**EXERCISE DETAILS:** In the answer, each entry below appears exactly as given, and no picture appears at all.

(Phrase grounding data)
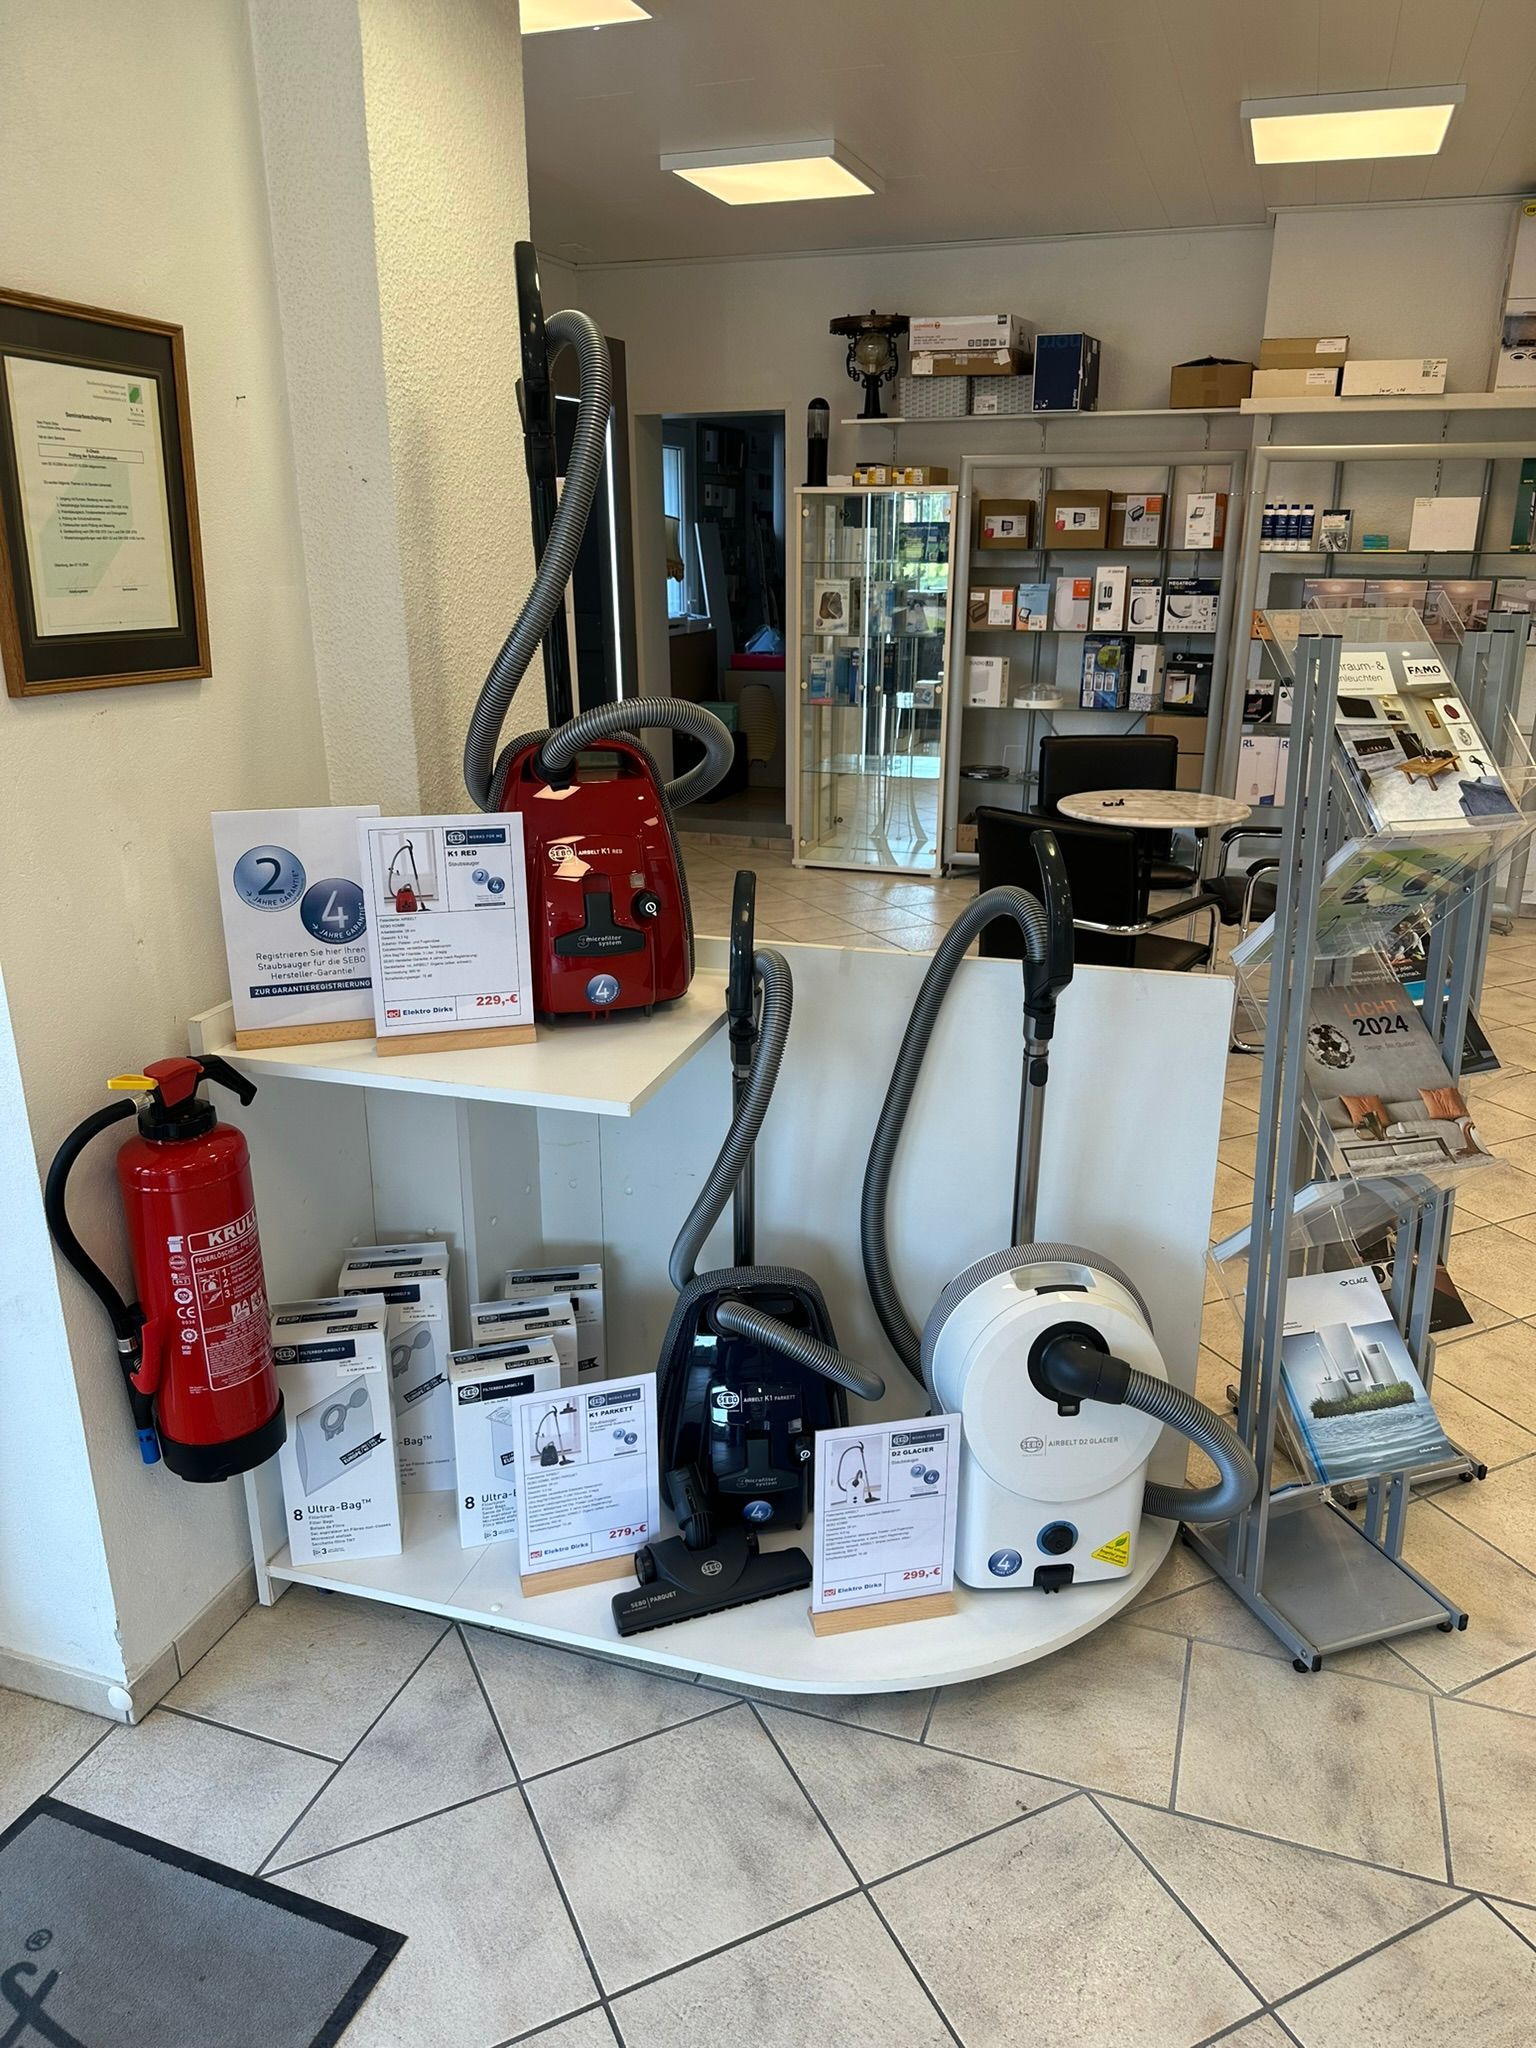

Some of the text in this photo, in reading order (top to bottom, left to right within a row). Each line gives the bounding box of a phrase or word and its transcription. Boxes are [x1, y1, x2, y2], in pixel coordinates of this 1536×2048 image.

[1103, 586, 1113, 599] 10
[550, 849, 573, 857] SEBO
[256, 857, 285, 896] 2
[254, 896, 278, 907] JAHRE
[321, 890, 349, 929] 4
[320, 929, 344, 939] JAHRE
[256, 946, 366, 962] Registrieren Sie hier Ihren
[258, 961, 311, 971] Staubsauger
[328, 957, 341, 966] die
[342, 955, 366, 965] SEBO
[271, 967, 356, 980] Hersteller-Garantie!
[254, 980, 371, 996] ZUR GARANTIEREGISTRIERUNG
[596, 979, 610, 999] 4
[475, 994, 518, 1006] 229,-€
[402, 1008, 431, 1016] Elektro
[1344, 1000, 1398, 1017] LICHT
[1352, 1015, 1409, 1036] 2024
[195, 1244, 239, 1265] FEUERLÖSCHER
[223, 1278, 232, 1288] 2.
[1348, 1276, 1369, 1286] CLAGE
[224, 1289, 234, 1299] 3.
[718, 1396, 739, 1404] SEBO
[600, 1406, 633, 1416] PARKETT
[1021, 1441, 1043, 1449] SEBO
[1089, 1436, 1119, 1444] GLACIER
[903, 1446, 934, 1456] GLACIER
[465, 1496, 475, 1510] 8
[293, 1509, 304, 1521] 8
[751, 1504, 764, 1519] 4
[609, 1524, 647, 1539] 279,-€
[544, 1546, 569, 1556] Elektro
[570, 1542, 589, 1550] Dirks
[702, 1563, 721, 1573] SEBO
[997, 1554, 1010, 1571] 4
[903, 1567, 941, 1580] 299,-€
[838, 1584, 862, 1594] Elektro
[630, 1590, 677, 1609] SEBO PARQUET
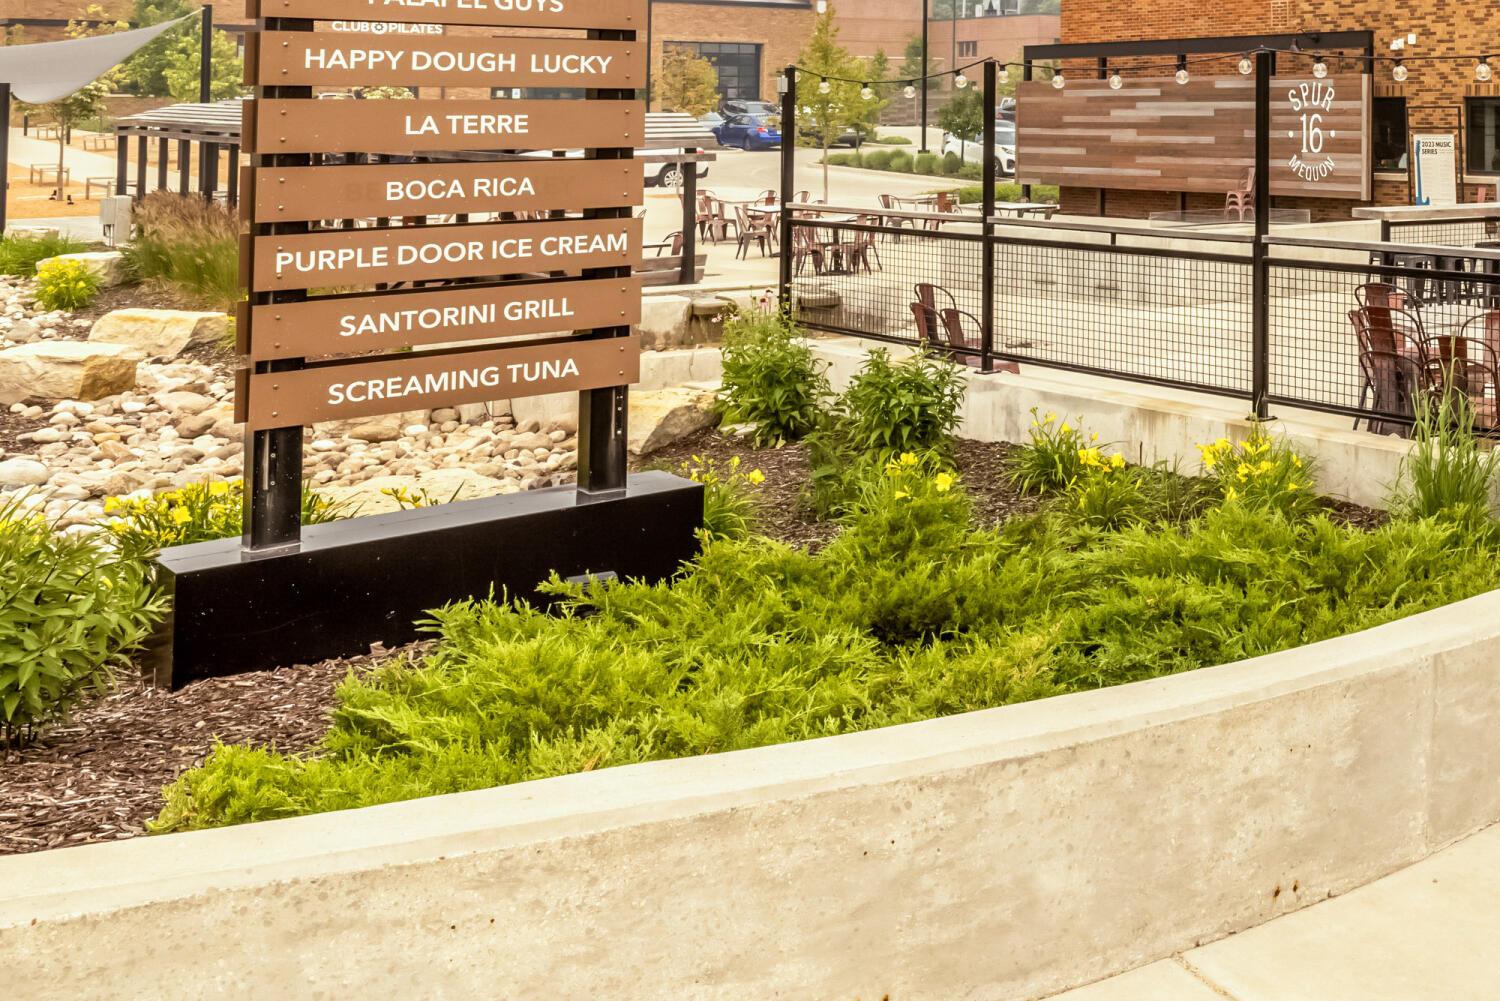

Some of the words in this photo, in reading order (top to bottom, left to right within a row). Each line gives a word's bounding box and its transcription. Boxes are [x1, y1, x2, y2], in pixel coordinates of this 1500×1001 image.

[331, 20, 370, 33] CLUB
[388, 22, 443, 35] PILATES
[304, 48, 405, 71] HAPPY
[411, 51, 516, 73] DOUGH
[530, 53, 613, 75] LUCKY
[1288, 82, 1335, 112] SPUR
[405, 115, 440, 135] LA
[445, 114, 529, 135] TERRE
[1300, 113, 1323, 153] 16
[1288, 154, 1336, 182] MEQUON
[386, 178, 466, 202] BOCA
[473, 177, 536, 198] RICA
[275, 246, 389, 274] PURPLE
[397, 241, 484, 265] DOOR
[492, 238, 533, 260] ICE
[540, 232, 628, 256] CREAM
[339, 303, 497, 337] SANTORINI
[503, 297, 575, 321] GRILL
[327, 366, 500, 405] SCREAMING
[506, 358, 580, 384] TUNA
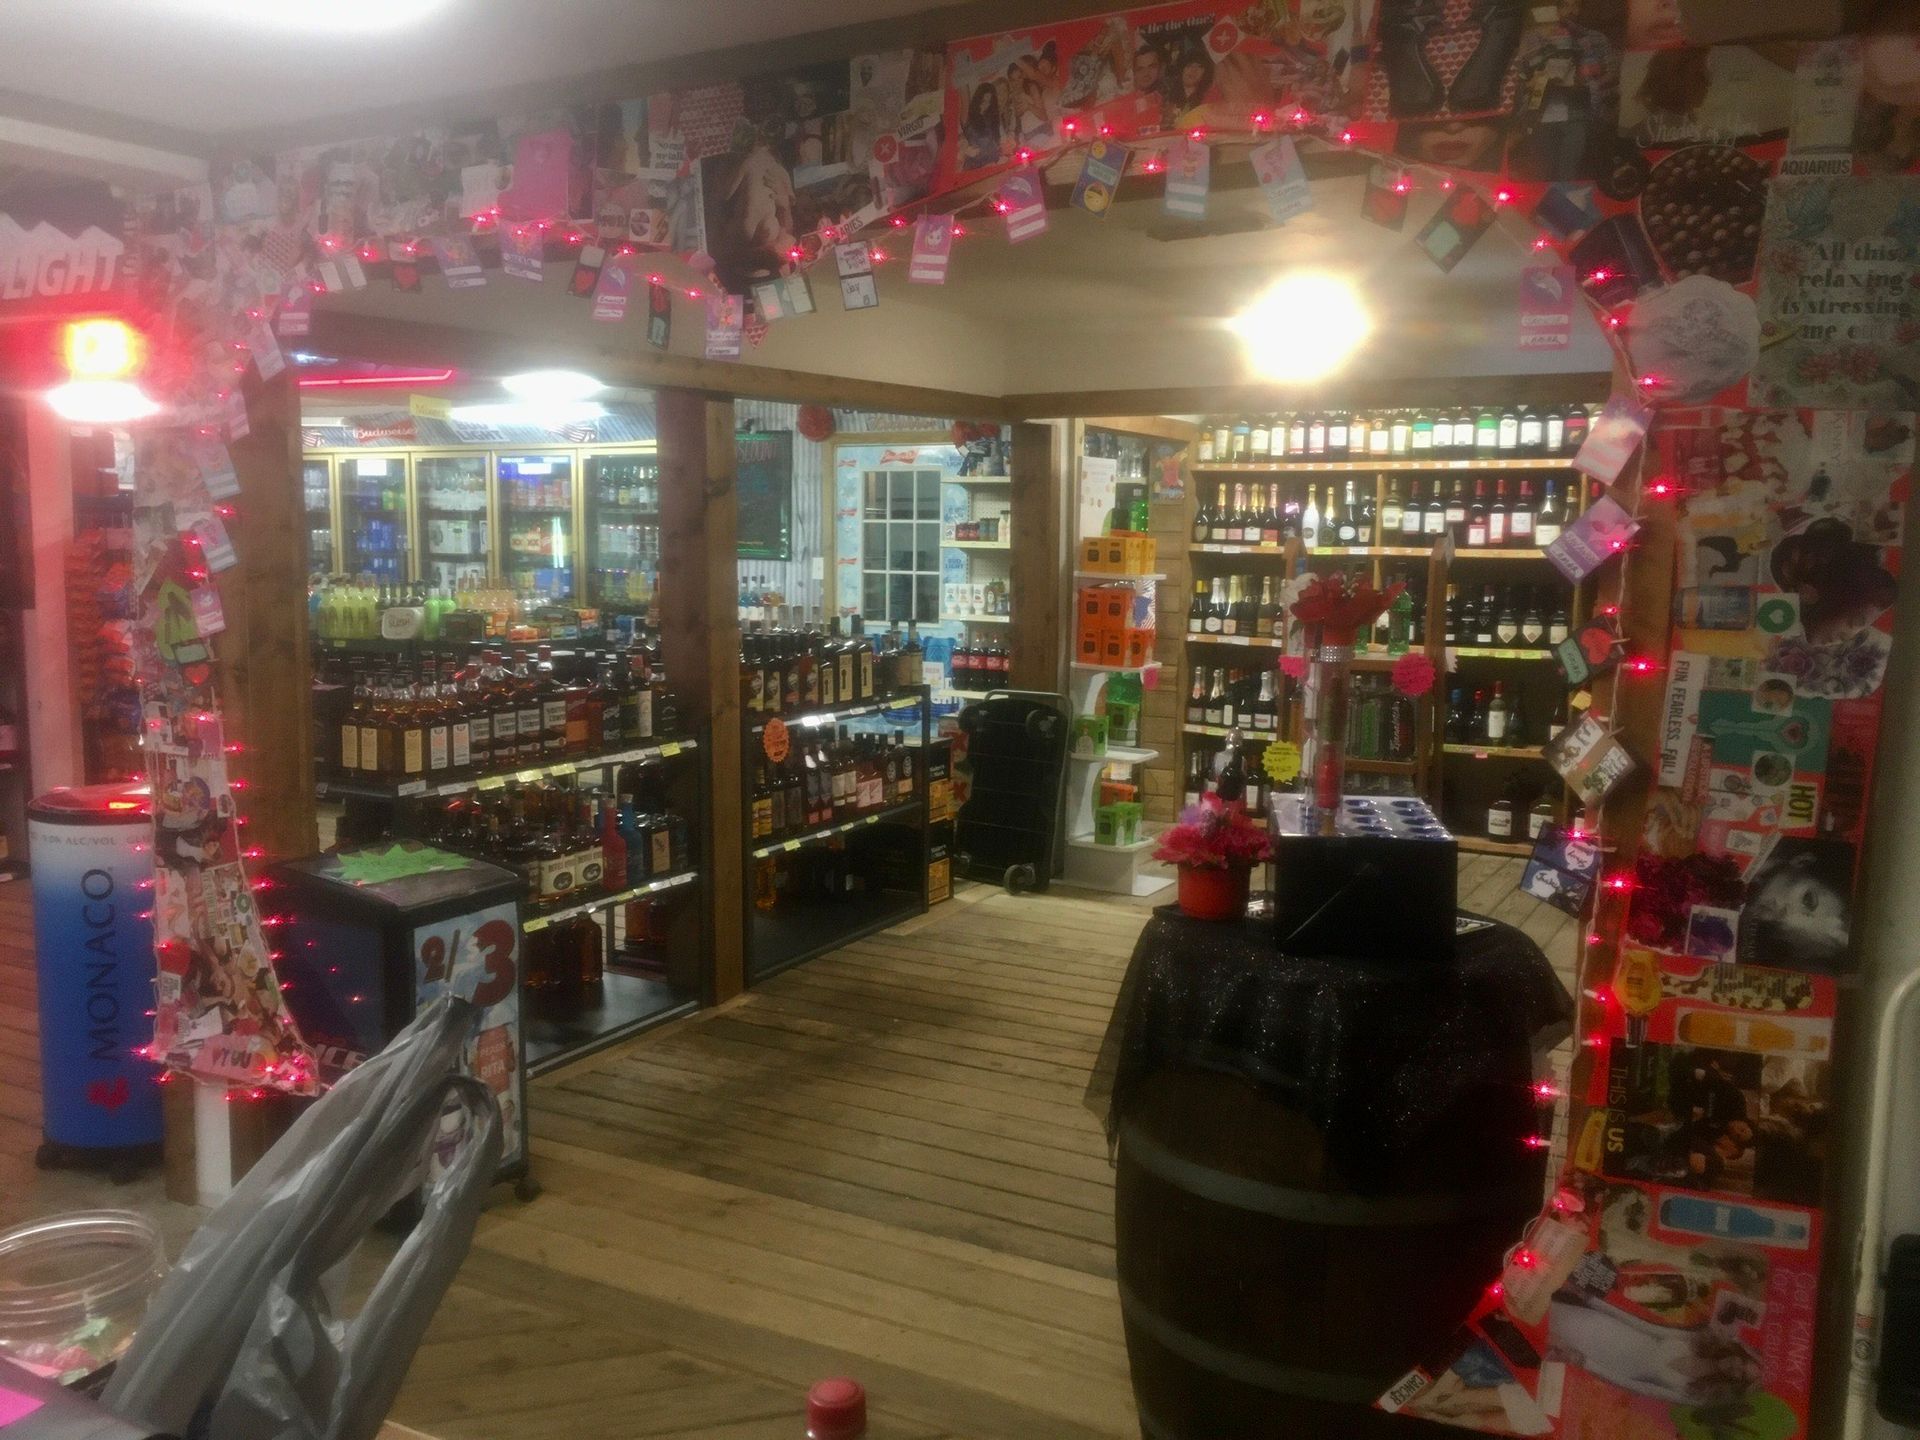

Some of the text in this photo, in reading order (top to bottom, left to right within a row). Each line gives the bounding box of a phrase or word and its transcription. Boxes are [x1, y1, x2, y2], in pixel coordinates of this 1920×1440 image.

[897, 117, 925, 138] VIRGO
[1781, 158, 1850, 175] AQUARIUS
[838, 216, 864, 239] ARIES
[1816, 241, 1845, 261] All
[2, 232, 124, 300] LIGHT
[1799, 268, 1904, 297] relaxing
[1782, 295, 1914, 320] is stressing
[1800, 324, 1838, 340] me
[352, 425, 418, 440] Budweiser
[457, 430, 505, 441] LIGHT
[1671, 660, 1690, 685] FUN,
[1787, 784, 1816, 823] HOT
[65, 836, 116, 846] ALC/VOL
[81, 868, 122, 1062] MONACO
[1606, 1065, 1628, 1154] THIS IS US
[1762, 1267, 1797, 1385] for a cause
[1785, 1272, 1817, 1393] Get KINKY
[1389, 1374, 1425, 1406] CANCER

**RESULT OF THE TASK:**
Some of the text in this photo, in reading order (top to bottom, left to right within a row). Each line gives the bounding box of a phrase or word and its transcription. Boxes are [x1, y1, x2, y2], in pixel coordinates of this 1536×2048 image.

[1103, 586, 1113, 599] 10
[550, 849, 573, 857] SEBO
[256, 857, 285, 896] 2
[254, 896, 278, 907] JAHRE
[321, 890, 349, 929] 4
[320, 929, 344, 939] JAHRE
[256, 946, 366, 962] Registrieren Sie hier Ihren
[258, 961, 311, 971] Staubsauger
[328, 957, 341, 966] die
[342, 955, 366, 965] SEBO
[271, 967, 356, 980] Hersteller-Garantie!
[254, 980, 371, 996] ZUR GARANTIEREGISTRIERUNG
[596, 979, 610, 999] 4
[475, 994, 518, 1006] 229,-€
[402, 1008, 431, 1016] Elektro
[1344, 1000, 1398, 1017] LICHT
[1352, 1015, 1409, 1036] 2024
[195, 1244, 239, 1265] FEUERLÖSCHER
[223, 1278, 232, 1288] 2.
[1348, 1276, 1369, 1286] CLAGE
[224, 1289, 234, 1299] 3.
[718, 1396, 739, 1404] SEBO
[600, 1406, 633, 1416] PARKETT
[1021, 1441, 1043, 1449] SEBO
[1089, 1436, 1119, 1444] GLACIER
[903, 1446, 934, 1456] GLACIER
[465, 1496, 475, 1510] 8
[293, 1509, 304, 1521] 8
[751, 1504, 764, 1519] 4
[609, 1524, 647, 1539] 279,-€
[544, 1546, 569, 1556] Elektro
[570, 1542, 589, 1550] Dirks
[702, 1563, 721, 1573] SEBO
[997, 1554, 1010, 1571] 4
[903, 1567, 941, 1580] 299,-€
[838, 1584, 862, 1594] Elektro
[630, 1590, 677, 1609] SEBO PARQUET

Some of the words in this photo, in reading order (top to bottom, left to right within a row). Each line gives a word's bounding box and its transcription. Boxes are [x1, y1, x2, y2], in pixel coordinates of this 1500×1001 image.

[331, 20, 370, 33] CLUB
[388, 22, 443, 35] PILATES
[304, 48, 405, 71] HAPPY
[411, 51, 516, 73] DOUGH
[530, 53, 613, 75] LUCKY
[1288, 82, 1335, 112] SPUR
[405, 115, 440, 135] LA
[445, 114, 529, 135] TERRE
[1300, 113, 1323, 153] 16
[1288, 154, 1336, 182] MEQUON
[386, 178, 466, 202] BOCA
[473, 177, 536, 198] RICA
[275, 246, 389, 274] PURPLE
[397, 241, 484, 265] DOOR
[492, 238, 533, 260] ICE
[540, 232, 628, 256] CREAM
[339, 303, 497, 337] SANTORINI
[503, 297, 575, 321] GRILL
[327, 366, 500, 405] SCREAMING
[506, 358, 580, 384] TUNA

Some of the text in this photo, in reading order (top to bottom, left to right within a row). Each line gives the bounding box of a phrase or word and its transcription. Boxes are [x1, y1, x2, y2], in pixel coordinates of this 1920×1440 image.

[897, 117, 925, 138] VIRGO
[1781, 158, 1850, 175] AQUARIUS
[838, 216, 864, 239] ARIES
[1816, 241, 1845, 261] All
[2, 232, 124, 300] LIGHT
[1799, 268, 1904, 297] relaxing
[1782, 295, 1914, 320] is stressing
[1800, 324, 1838, 340] me
[352, 425, 418, 440] Budweiser
[457, 430, 505, 441] LIGHT
[1671, 660, 1690, 685] FUN,
[1787, 784, 1816, 823] HOT
[65, 836, 116, 846] ALC/VOL
[81, 868, 122, 1062] MONACO
[1606, 1065, 1628, 1154] THIS IS US
[1762, 1267, 1797, 1385] for a cause
[1785, 1272, 1817, 1393] Get KINKY
[1389, 1374, 1425, 1406] CANCER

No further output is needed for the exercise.